* _Goal of the exercise_: Print exactly the lines that run from the one containing "this 1667×1667 image." to the final line of the data, both included, and print none of the pictures.

* _Data for the task_:

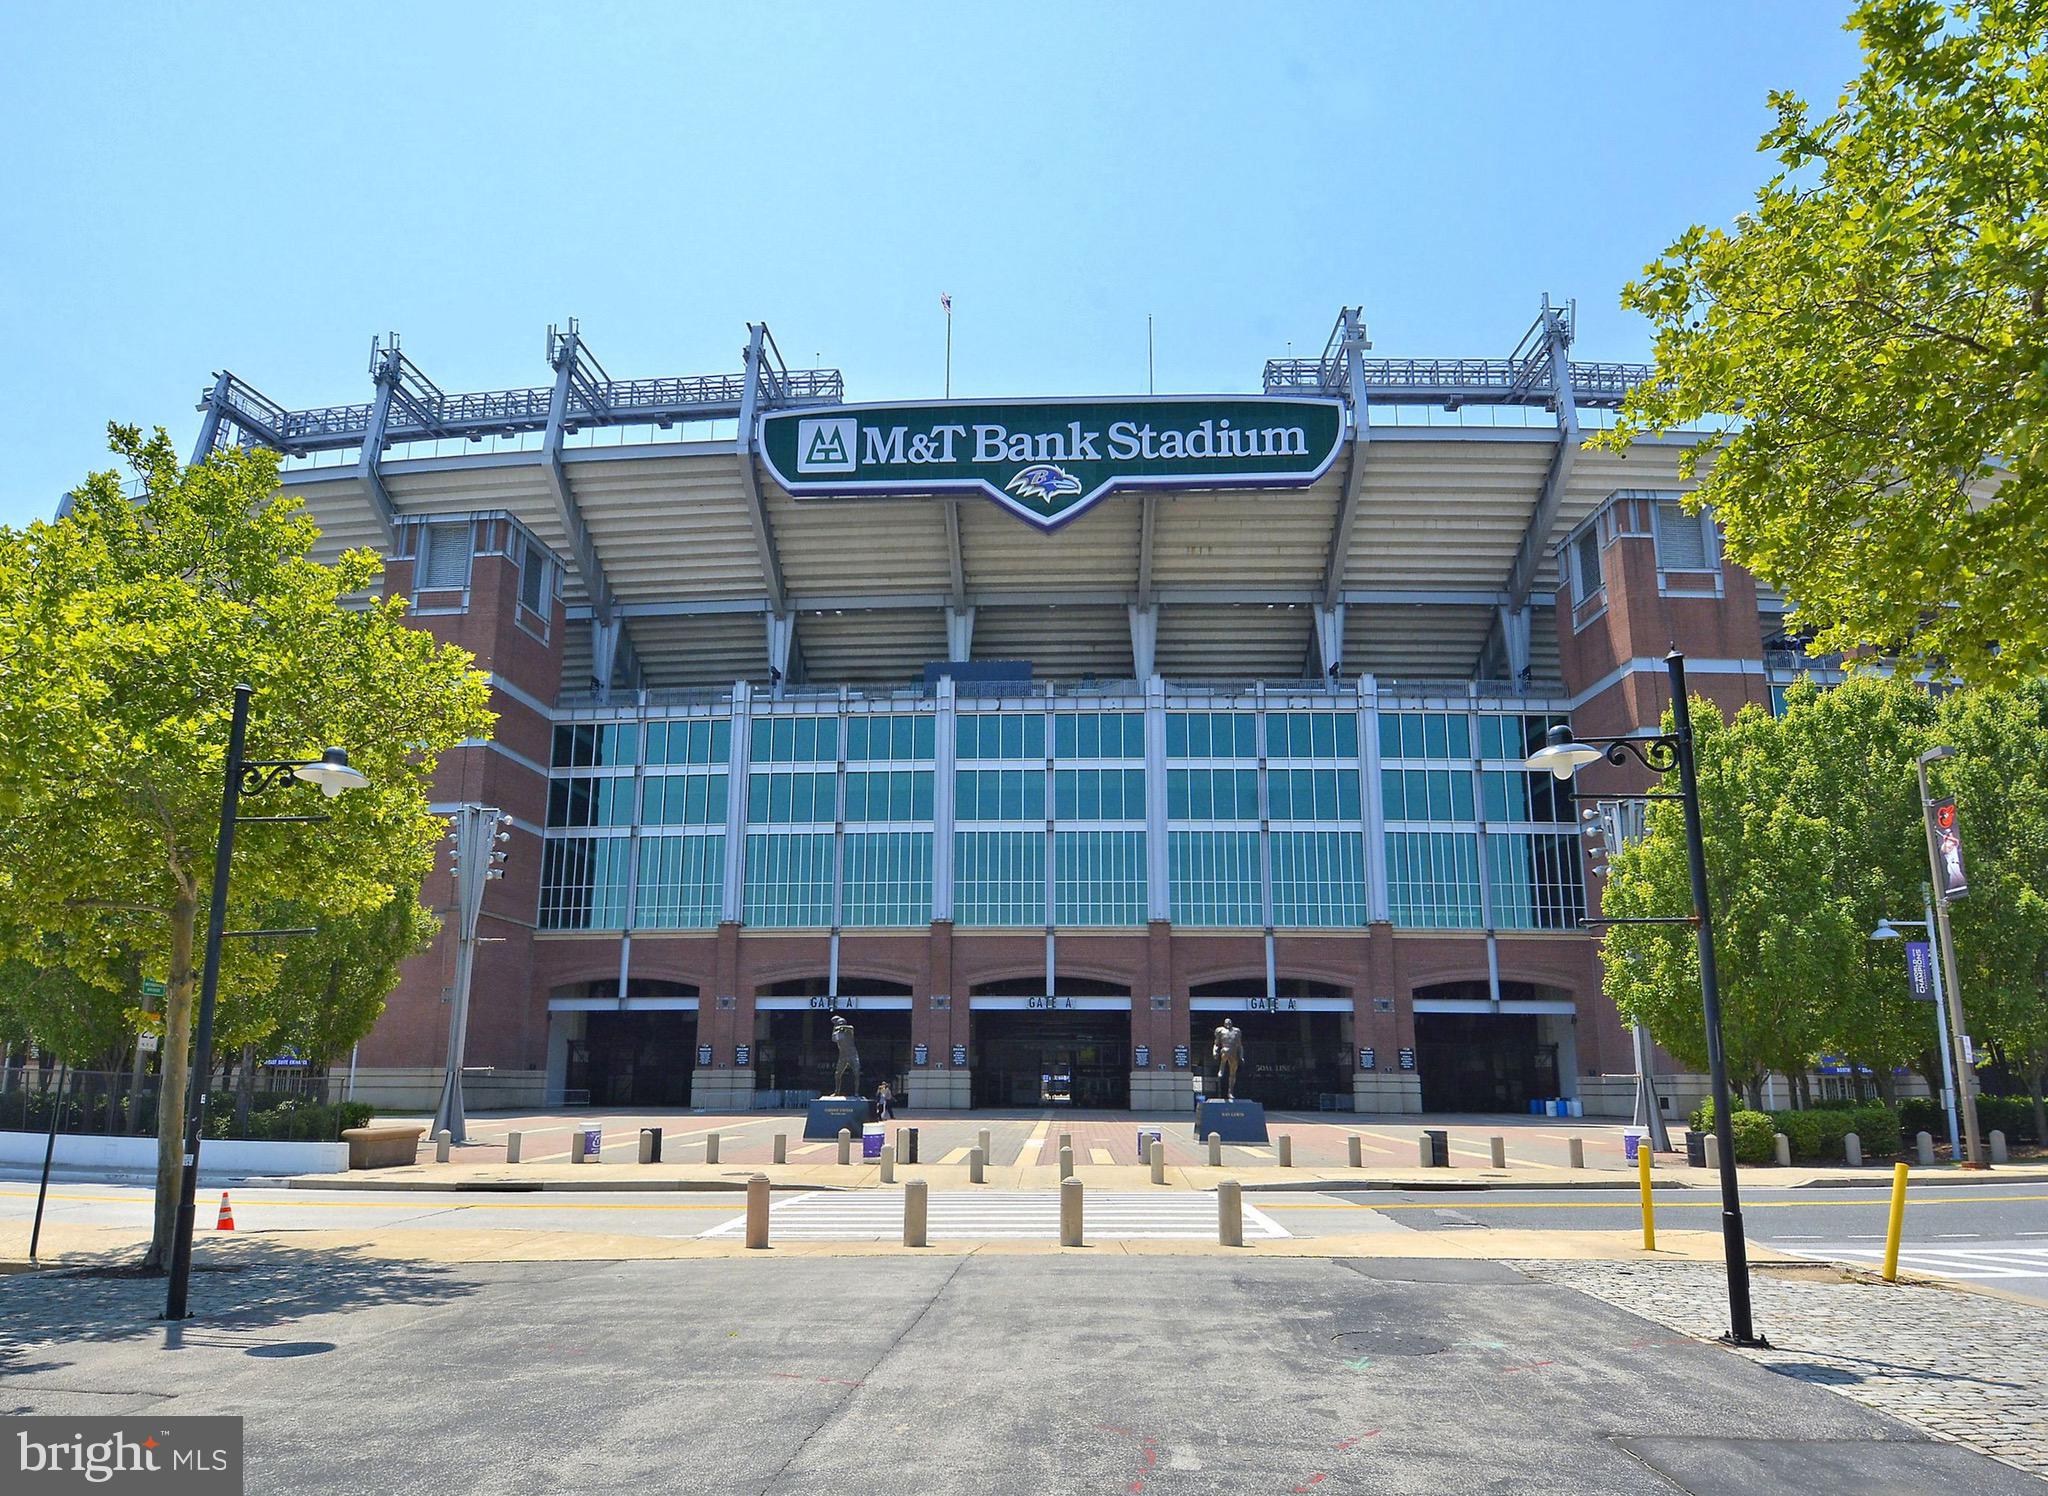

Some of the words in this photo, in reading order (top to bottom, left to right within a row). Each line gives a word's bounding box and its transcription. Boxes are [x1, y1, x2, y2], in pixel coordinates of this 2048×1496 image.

[862, 423, 966, 464] M&T
[972, 420, 1101, 463] Bank
[1107, 418, 1309, 462] Stadium
[1915, 948, 1926, 994] CHAMPIONS
[846, 997, 853, 1008] A
[1029, 996, 1057, 1008] GATE
[1065, 997, 1072, 1008] A
[1251, 998, 1279, 1010] GATE
[1287, 998, 1295, 1010] A
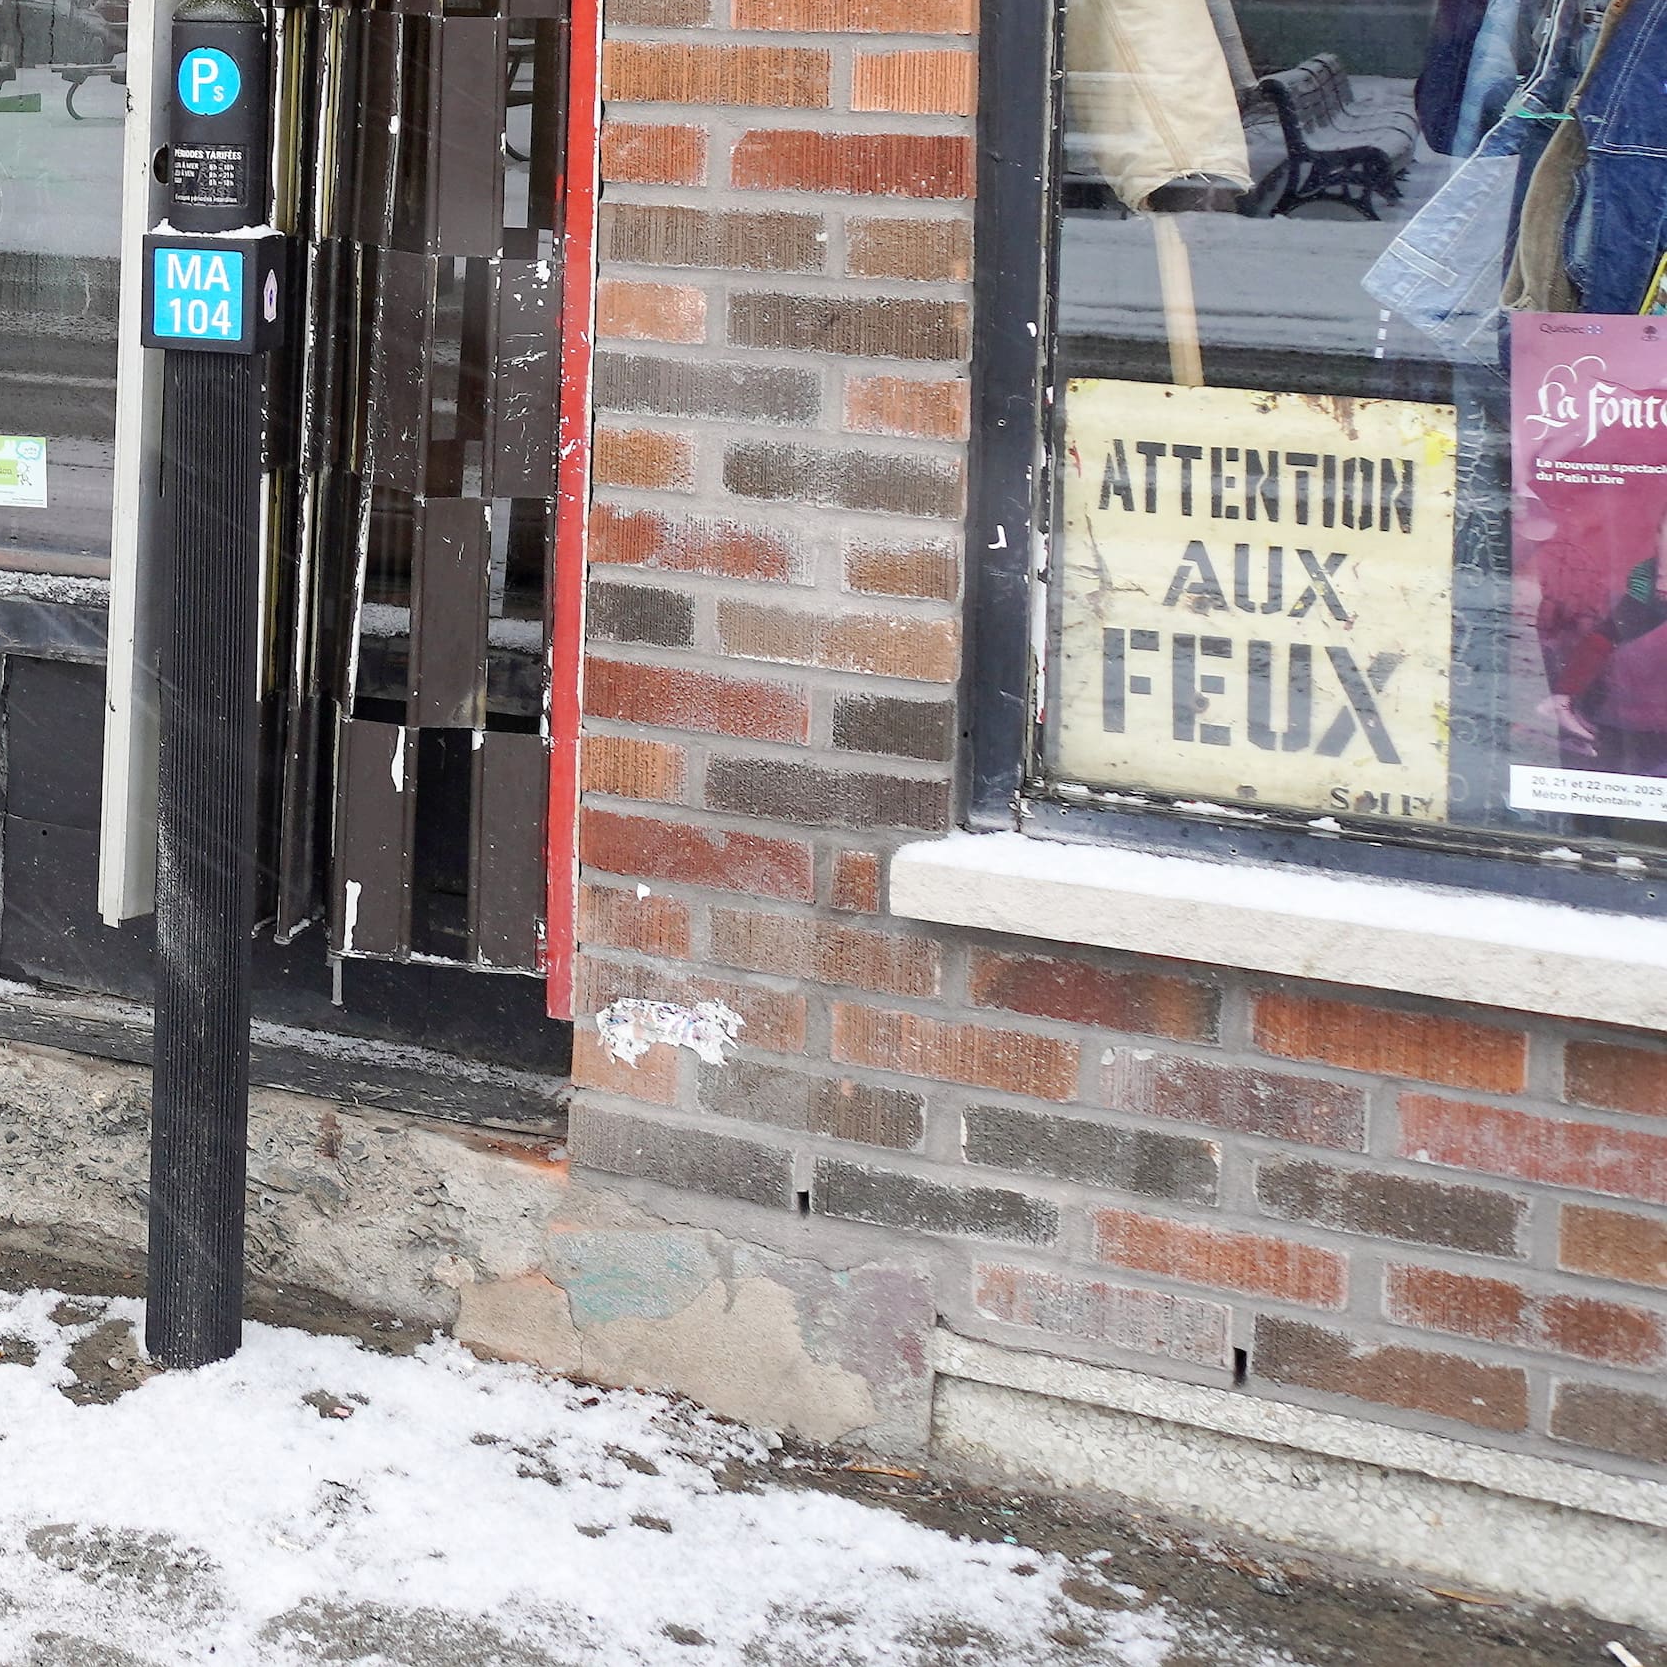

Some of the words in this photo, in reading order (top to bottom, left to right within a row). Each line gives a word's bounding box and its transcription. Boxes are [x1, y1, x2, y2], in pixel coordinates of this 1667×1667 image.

[168, 253, 232, 292] MA
[169, 298, 233, 336] 104
[1536, 457, 1553, 469] Le
[1554, 460, 1610, 472] nouveau
[1536, 471, 1554, 482] du
[1556, 472, 1589, 484] Patin
[1591, 473, 1625, 485] Libre
[1097, 438, 1414, 535] ATTENTION
[1162, 539, 1351, 622] AUX
[1101, 626, 1409, 765] FEUX
[1553, 777, 1567, 787] 21
[1571, 780, 1583, 789] et
[1586, 780, 1602, 790] 22
[1634, 784, 1664, 796] 2025
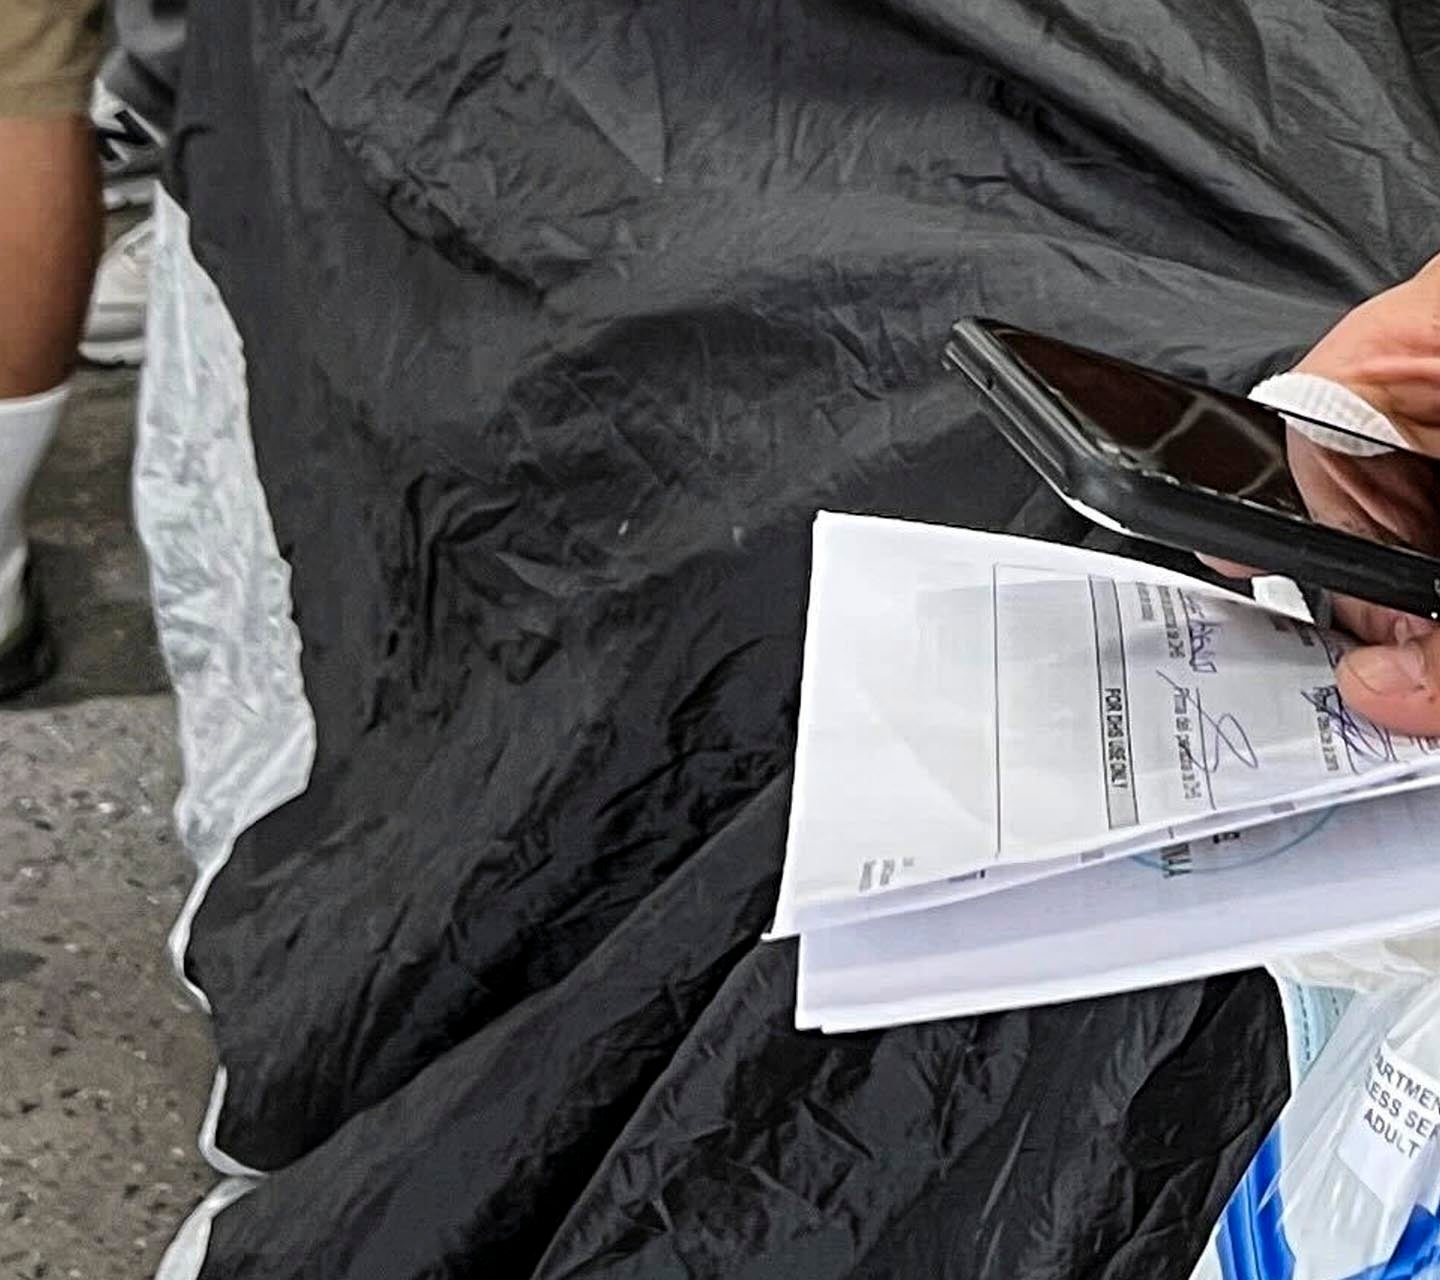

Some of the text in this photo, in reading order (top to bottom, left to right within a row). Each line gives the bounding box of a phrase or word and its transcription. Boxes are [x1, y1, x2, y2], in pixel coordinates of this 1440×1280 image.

[1104, 688, 1123, 711] FOR
[1108, 740, 1127, 761] USE
[1109, 763, 1129, 788] ONLY
[1363, 1108, 1421, 1158] ADULT

* _Exercise solution_:
Some of the words in this photo, in reading order (top to bottom, left to right within a row). Each line gives a word's bounding box and its transcription. Boxes are [x1, y1, x2, y2], in pixel coordinates of this 1667×1667 image.

[168, 253, 232, 292] MA
[169, 298, 233, 336] 104
[1536, 457, 1553, 469] Le
[1554, 460, 1610, 472] nouveau
[1536, 471, 1554, 482] du
[1556, 472, 1589, 484] Patin
[1591, 473, 1625, 485] Libre
[1097, 438, 1414, 535] ATTENTION
[1162, 539, 1351, 622] AUX
[1101, 626, 1409, 765] FEUX
[1553, 777, 1567, 787] 21
[1571, 780, 1583, 789] et
[1586, 780, 1602, 790] 22
[1634, 784, 1664, 796] 2025

Some of the text in this photo, in reading order (top to bottom, left to right within a row). Each line gives the bounding box of a phrase or word and its transcription. Boxes are [x1, y1, x2, y2], in pixel coordinates of this 1440×1280 image.

[1104, 688, 1123, 711] FOR
[1108, 740, 1127, 761] USE
[1109, 763, 1129, 788] ONLY
[1363, 1108, 1421, 1158] ADULT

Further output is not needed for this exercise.